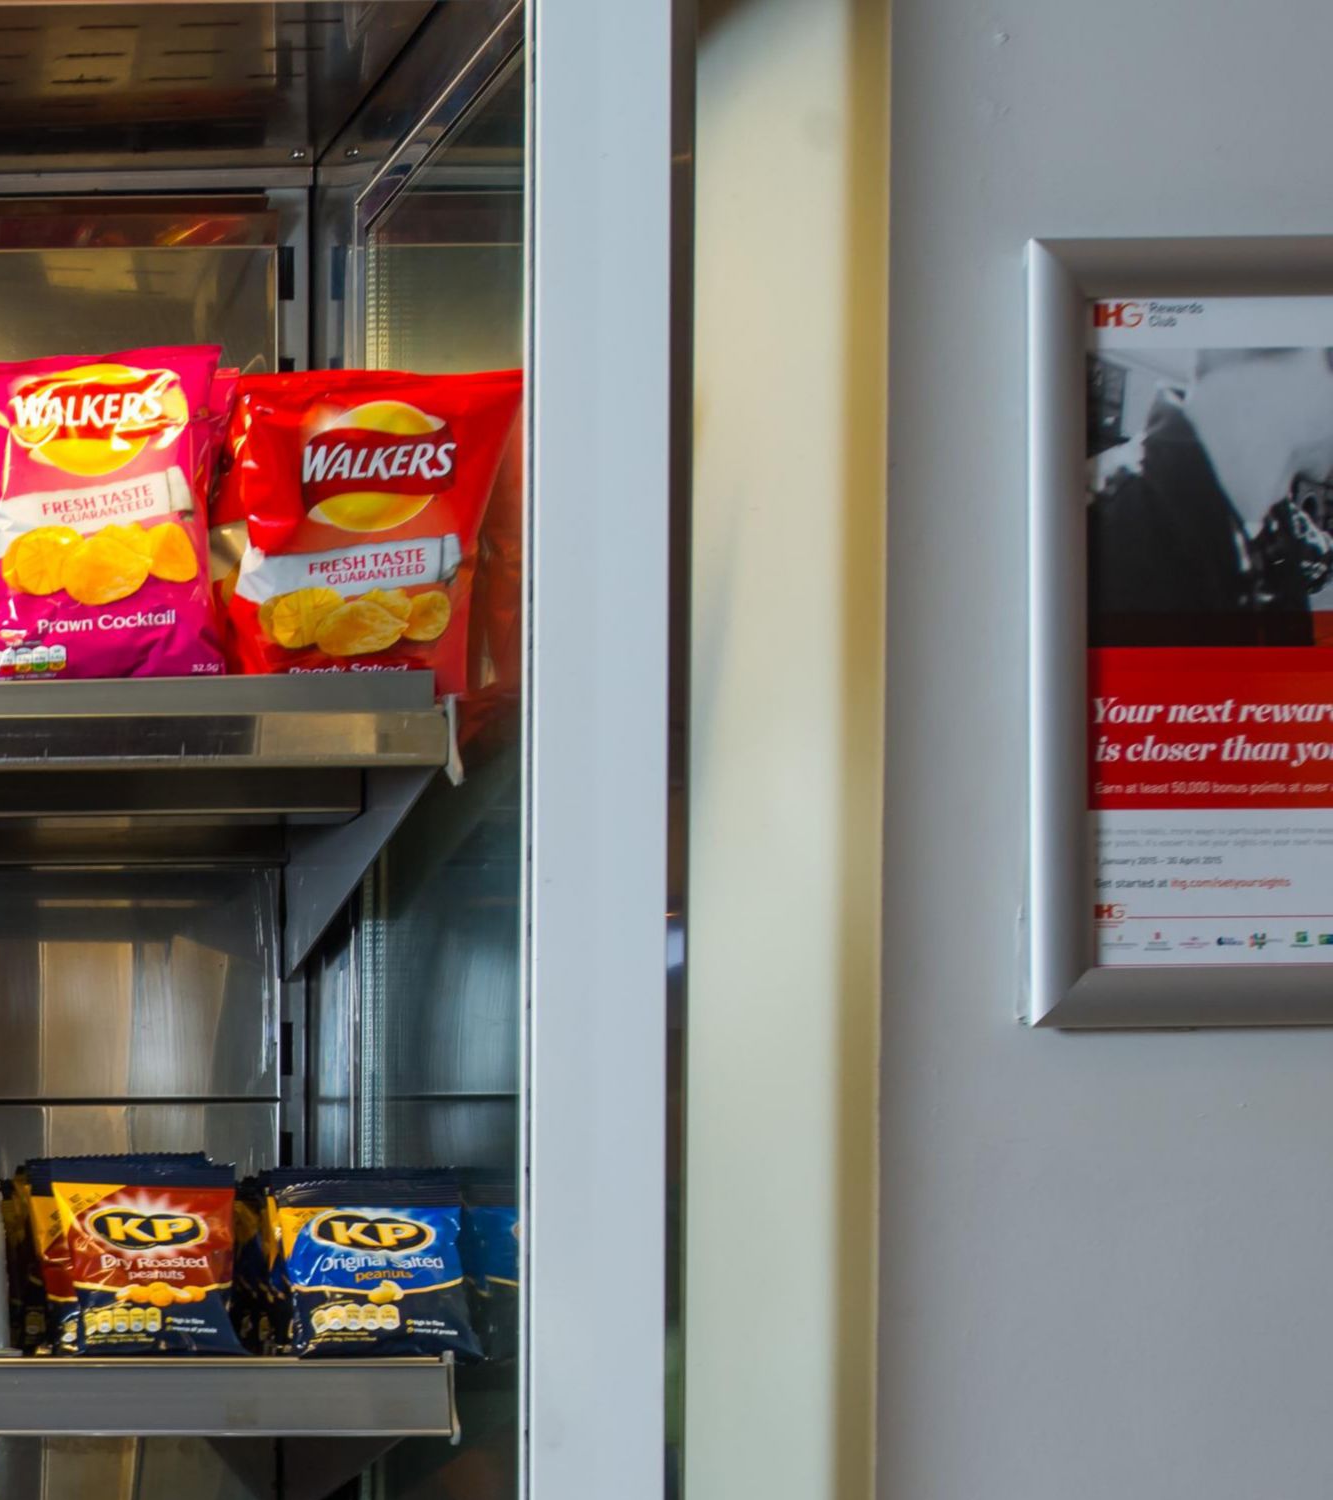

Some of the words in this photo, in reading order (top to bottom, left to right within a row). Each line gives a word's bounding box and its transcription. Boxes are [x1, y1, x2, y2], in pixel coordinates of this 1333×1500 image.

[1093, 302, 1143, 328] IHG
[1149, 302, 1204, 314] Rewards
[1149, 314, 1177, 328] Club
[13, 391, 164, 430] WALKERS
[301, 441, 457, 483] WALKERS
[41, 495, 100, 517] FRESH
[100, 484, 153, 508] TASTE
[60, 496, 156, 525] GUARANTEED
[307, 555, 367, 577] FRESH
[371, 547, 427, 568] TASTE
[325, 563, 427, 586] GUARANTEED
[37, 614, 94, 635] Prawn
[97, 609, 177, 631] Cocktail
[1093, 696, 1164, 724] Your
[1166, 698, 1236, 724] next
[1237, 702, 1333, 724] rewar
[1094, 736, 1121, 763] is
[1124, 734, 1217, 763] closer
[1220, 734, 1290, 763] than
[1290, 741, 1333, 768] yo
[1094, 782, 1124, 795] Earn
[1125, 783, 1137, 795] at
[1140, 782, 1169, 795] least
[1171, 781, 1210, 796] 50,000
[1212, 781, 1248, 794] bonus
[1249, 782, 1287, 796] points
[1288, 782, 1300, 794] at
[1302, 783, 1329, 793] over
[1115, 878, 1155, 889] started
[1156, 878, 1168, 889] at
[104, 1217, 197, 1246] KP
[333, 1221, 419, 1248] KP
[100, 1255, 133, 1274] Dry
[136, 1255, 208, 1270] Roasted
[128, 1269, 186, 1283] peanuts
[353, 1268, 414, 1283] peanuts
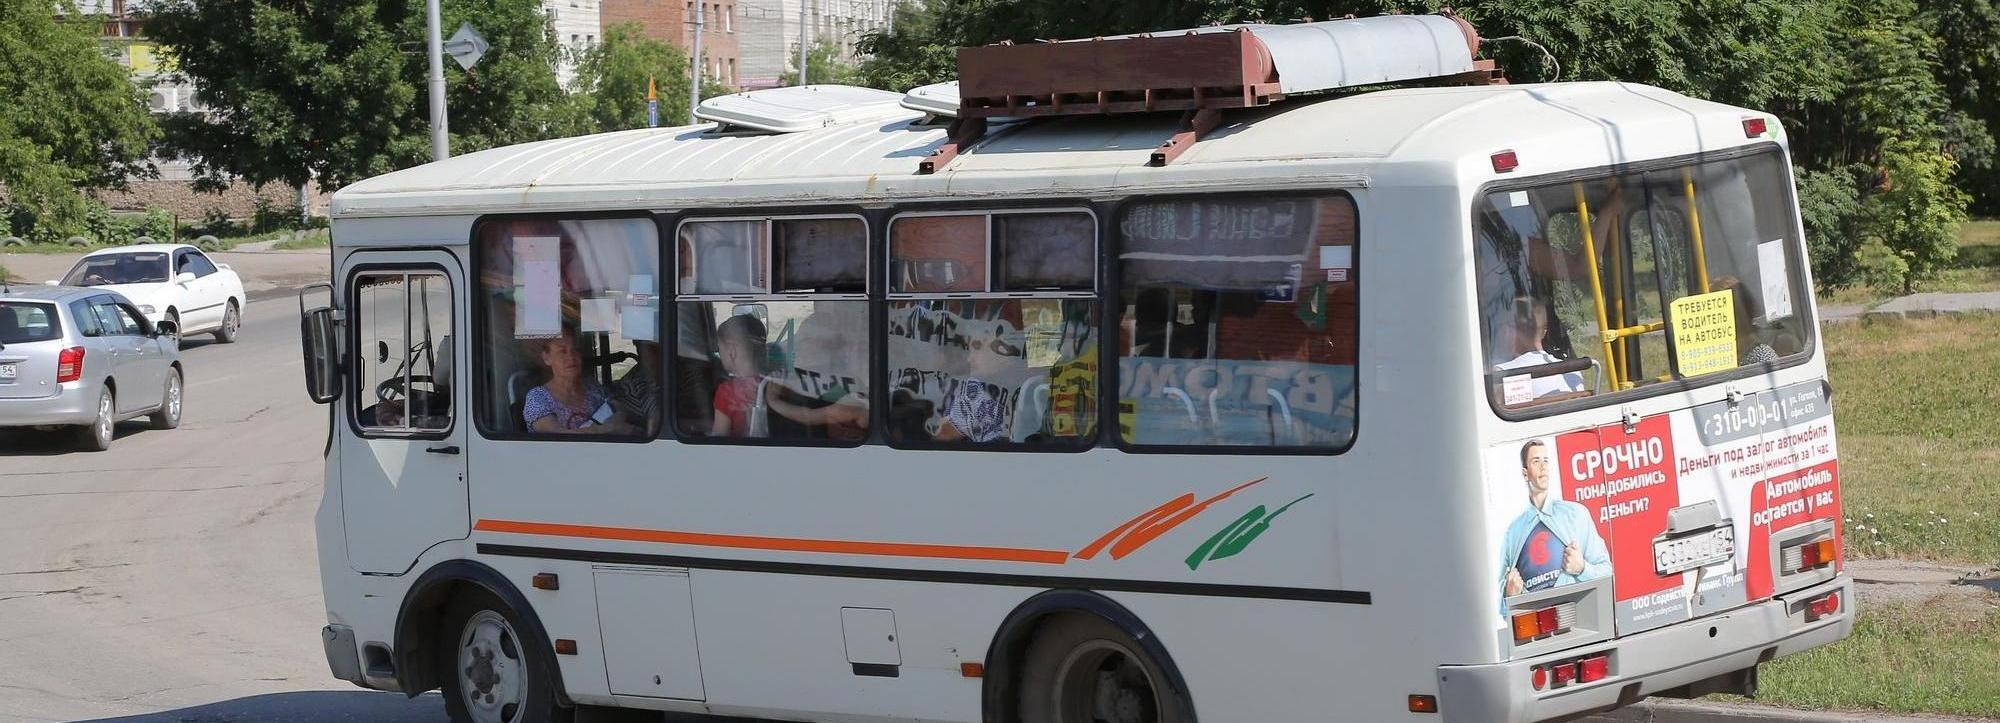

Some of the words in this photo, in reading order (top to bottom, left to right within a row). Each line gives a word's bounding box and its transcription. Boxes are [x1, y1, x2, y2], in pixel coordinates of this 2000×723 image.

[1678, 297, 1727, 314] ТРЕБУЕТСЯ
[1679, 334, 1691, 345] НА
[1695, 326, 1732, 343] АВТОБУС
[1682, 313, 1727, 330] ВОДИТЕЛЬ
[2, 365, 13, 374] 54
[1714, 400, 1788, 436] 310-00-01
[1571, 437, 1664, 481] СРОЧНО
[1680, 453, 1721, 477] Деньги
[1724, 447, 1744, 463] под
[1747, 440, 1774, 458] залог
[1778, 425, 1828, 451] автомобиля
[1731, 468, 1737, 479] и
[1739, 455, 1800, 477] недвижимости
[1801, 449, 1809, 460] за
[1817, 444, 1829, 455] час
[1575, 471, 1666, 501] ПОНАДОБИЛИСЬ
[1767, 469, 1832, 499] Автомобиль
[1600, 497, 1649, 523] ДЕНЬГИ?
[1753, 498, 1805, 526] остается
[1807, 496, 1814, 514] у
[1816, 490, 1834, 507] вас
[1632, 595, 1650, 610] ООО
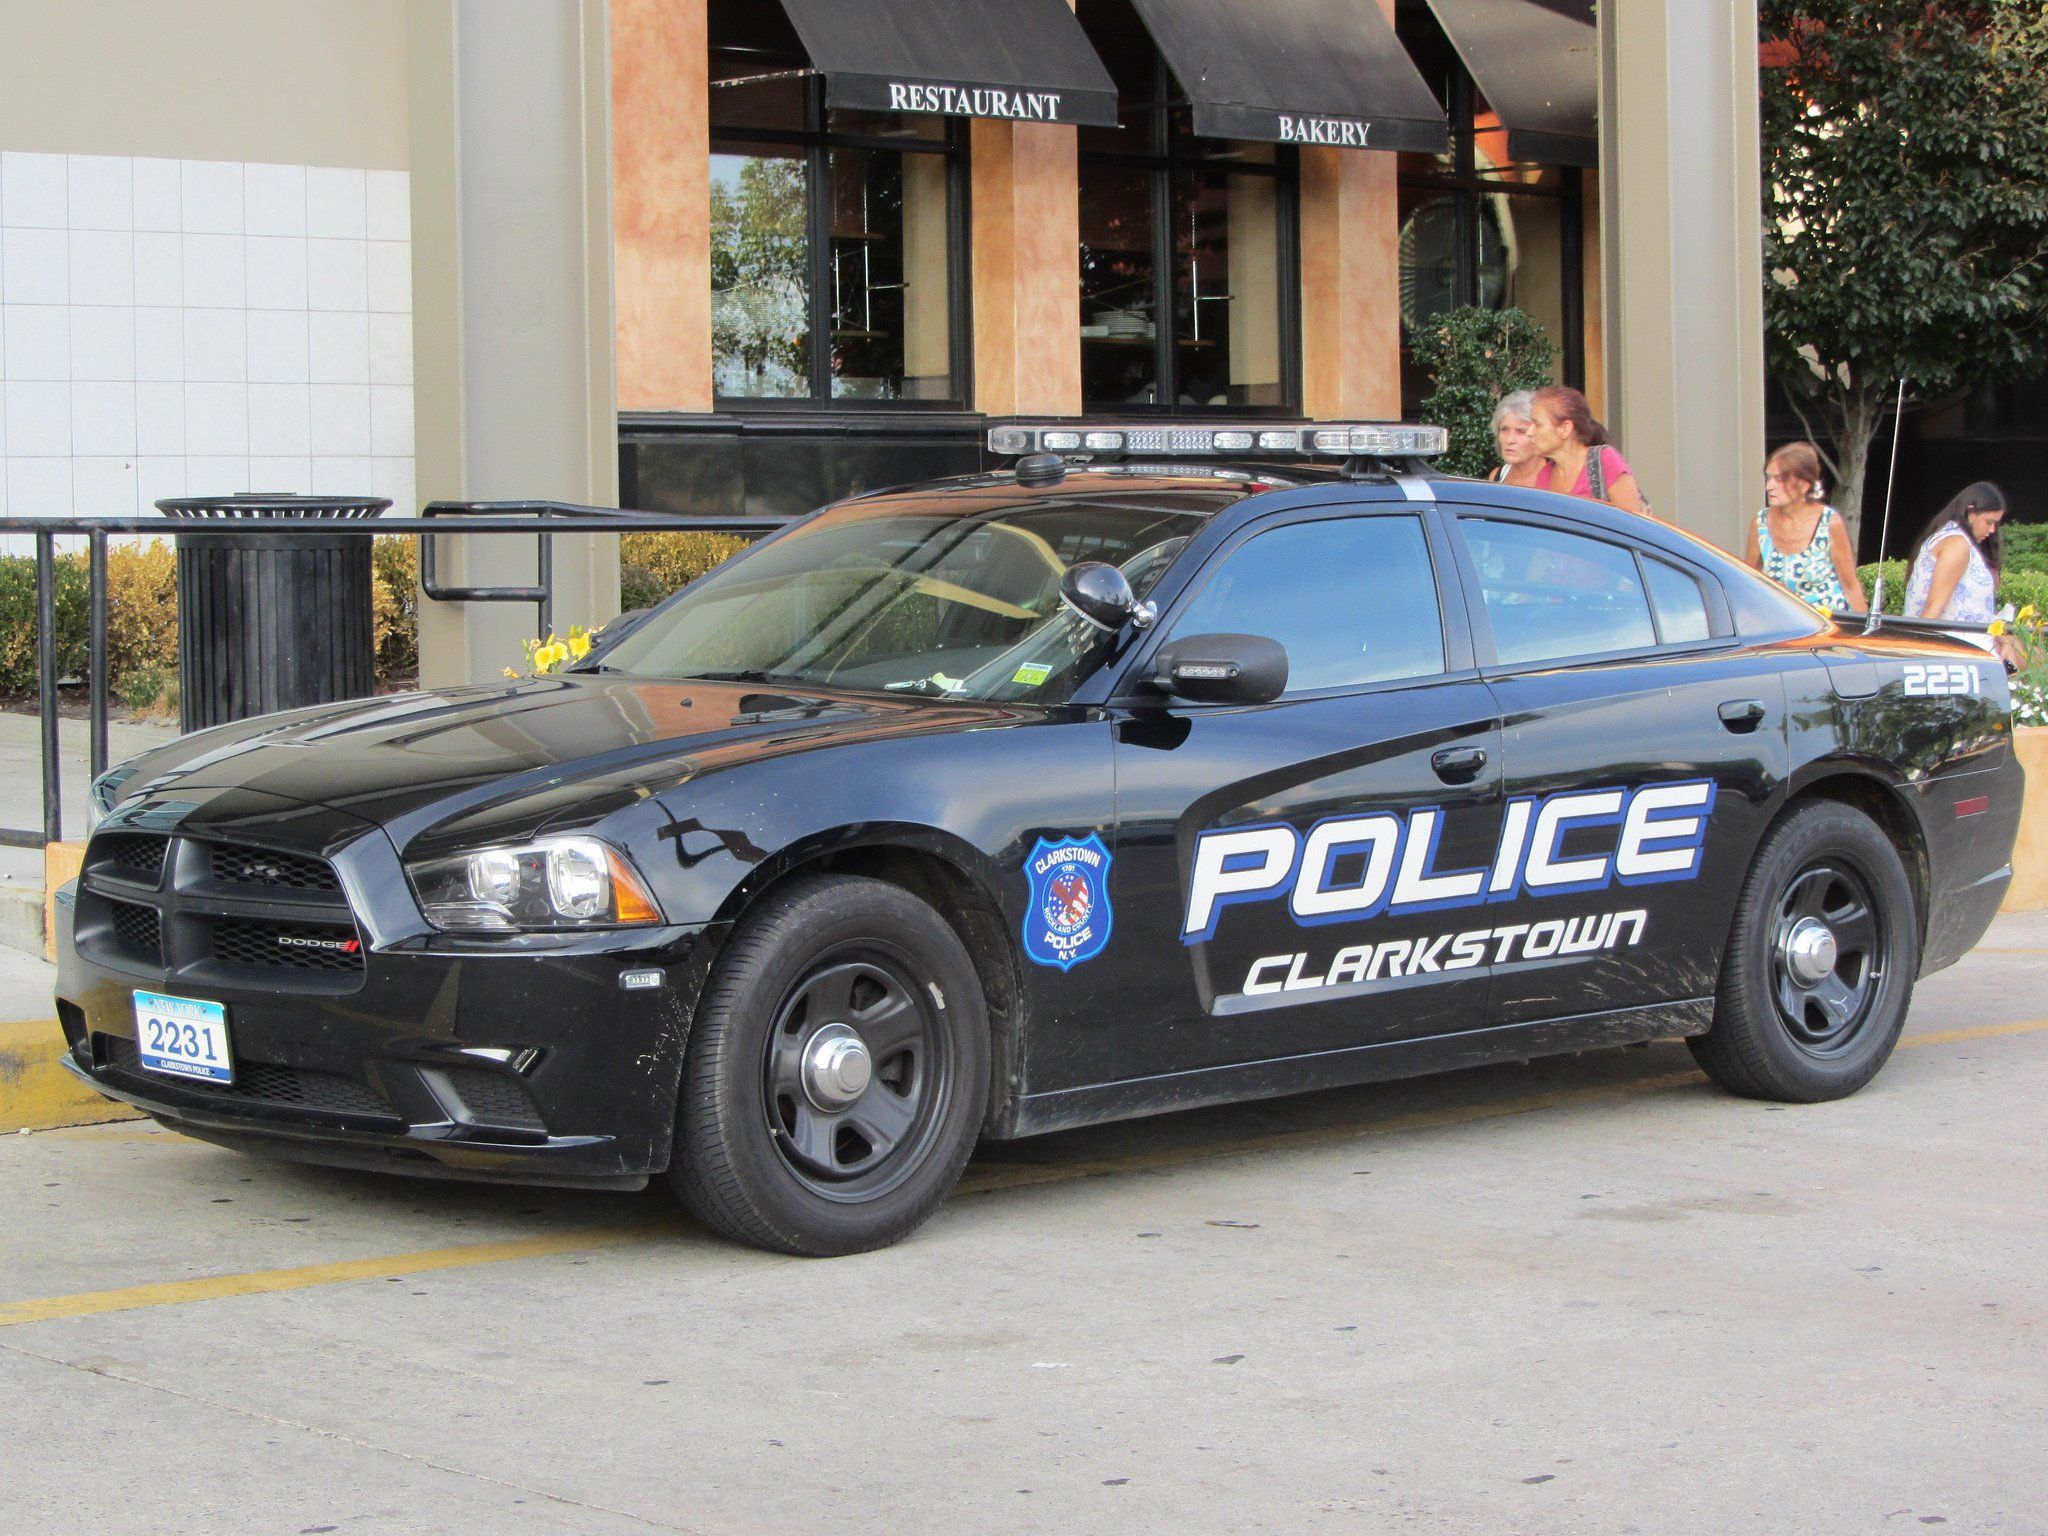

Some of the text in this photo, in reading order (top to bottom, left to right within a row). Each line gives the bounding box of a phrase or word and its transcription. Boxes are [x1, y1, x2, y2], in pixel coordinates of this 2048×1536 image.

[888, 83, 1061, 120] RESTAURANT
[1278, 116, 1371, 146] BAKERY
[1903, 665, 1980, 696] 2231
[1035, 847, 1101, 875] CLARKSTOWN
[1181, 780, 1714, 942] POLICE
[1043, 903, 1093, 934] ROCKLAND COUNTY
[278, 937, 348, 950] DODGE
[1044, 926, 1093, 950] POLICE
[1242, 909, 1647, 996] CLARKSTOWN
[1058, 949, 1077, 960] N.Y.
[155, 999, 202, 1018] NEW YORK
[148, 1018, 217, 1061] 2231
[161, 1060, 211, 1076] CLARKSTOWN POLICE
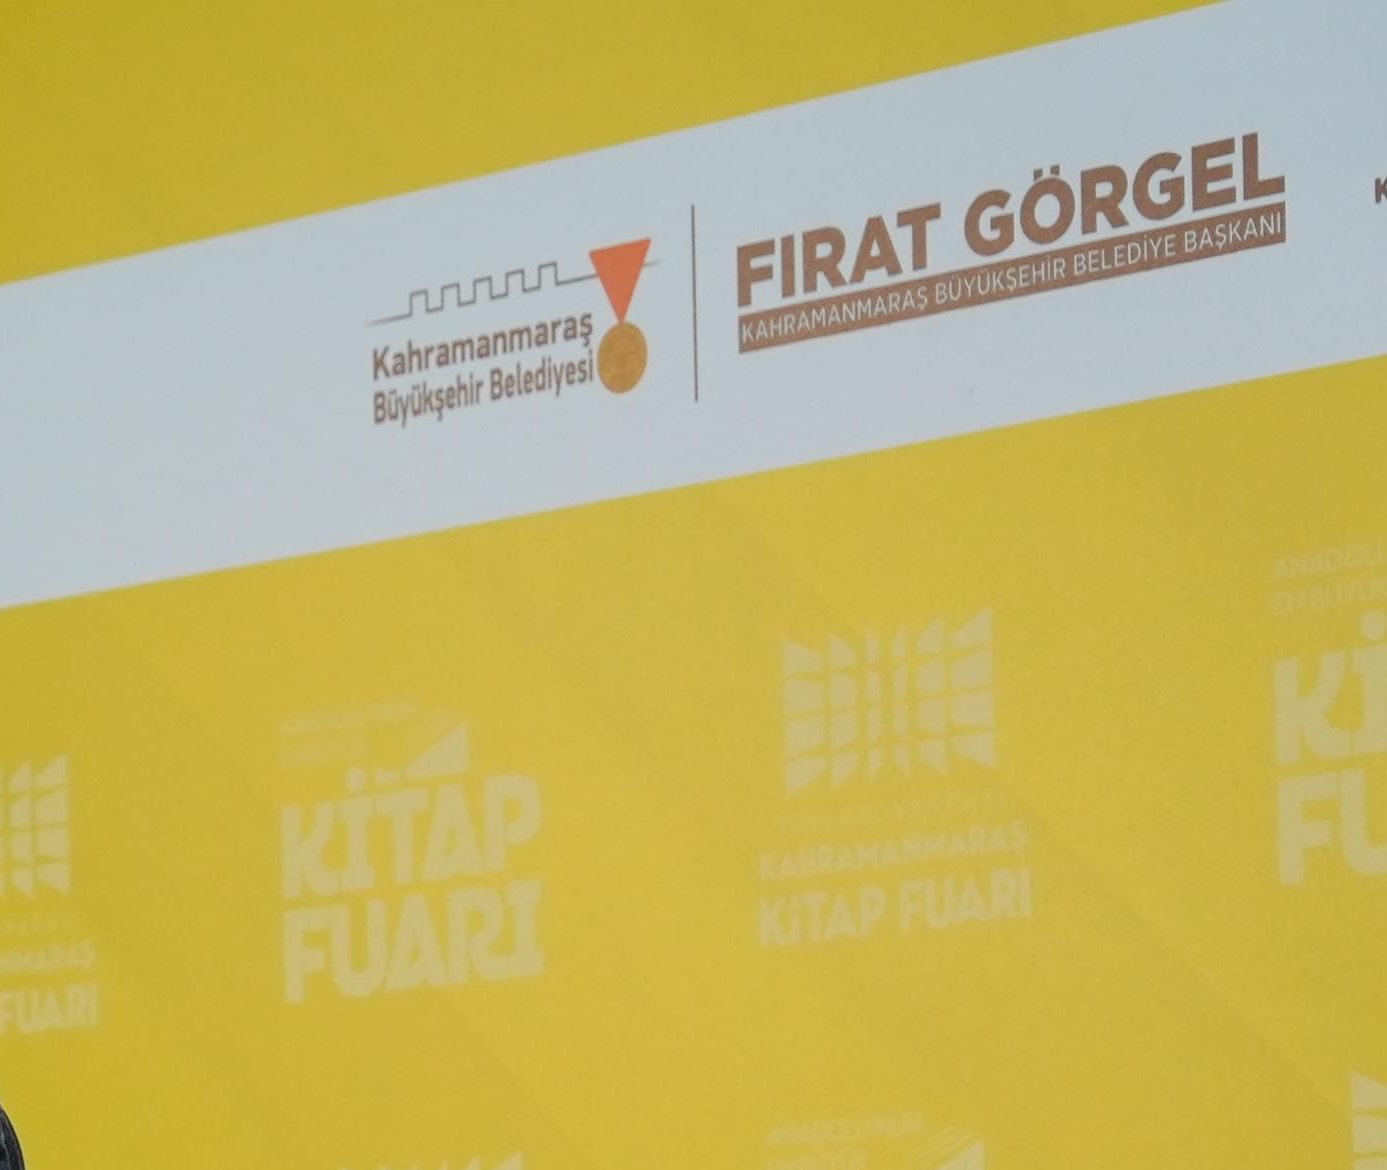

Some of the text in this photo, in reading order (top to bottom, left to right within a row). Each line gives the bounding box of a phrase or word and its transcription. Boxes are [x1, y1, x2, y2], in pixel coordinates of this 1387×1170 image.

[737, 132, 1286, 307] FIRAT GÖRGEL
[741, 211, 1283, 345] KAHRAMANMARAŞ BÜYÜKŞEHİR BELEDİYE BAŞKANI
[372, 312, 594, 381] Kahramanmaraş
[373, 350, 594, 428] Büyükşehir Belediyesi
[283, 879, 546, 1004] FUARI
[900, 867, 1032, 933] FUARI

┄┄┄┄┄┄

Produce an exact copy of the lines from the line containing "this 2048×1536 image." through the last line of the records, with no pictures and no other text.

Some of the text in this photo, in reading order (top to bottom, left to right within a row). Each line gives the bounding box of a phrase or word and its transcription. Boxes are [x1, y1, x2, y2], in pixel coordinates of this 2048×1536 image.

[888, 83, 1061, 120] RESTAURANT
[1278, 116, 1371, 146] BAKERY
[1903, 665, 1980, 696] 2231
[1035, 847, 1101, 875] CLARKSTOWN
[1181, 780, 1714, 942] POLICE
[1043, 903, 1093, 934] ROCKLAND COUNTY
[278, 937, 348, 950] DODGE
[1044, 926, 1093, 950] POLICE
[1242, 909, 1647, 996] CLARKSTOWN
[1058, 949, 1077, 960] N.Y.
[155, 999, 202, 1018] NEW YORK
[148, 1018, 217, 1061] 2231
[161, 1060, 211, 1076] CLARKSTOWN POLICE

Some of the text in this photo, in reading order (top to bottom, left to right within a row). Each line gives the bounding box of a phrase or word and its transcription. Boxes are [x1, y1, x2, y2], in pixel coordinates of this 1387×1170 image.

[737, 132, 1286, 307] FIRAT GÖRGEL
[741, 211, 1283, 345] KAHRAMANMARAŞ BÜYÜKŞEHİR BELEDİYE BAŞKANI
[372, 312, 594, 381] Kahramanmaraş
[373, 350, 594, 428] Büyükşehir Belediyesi
[283, 879, 546, 1004] FUARI
[900, 867, 1032, 933] FUARI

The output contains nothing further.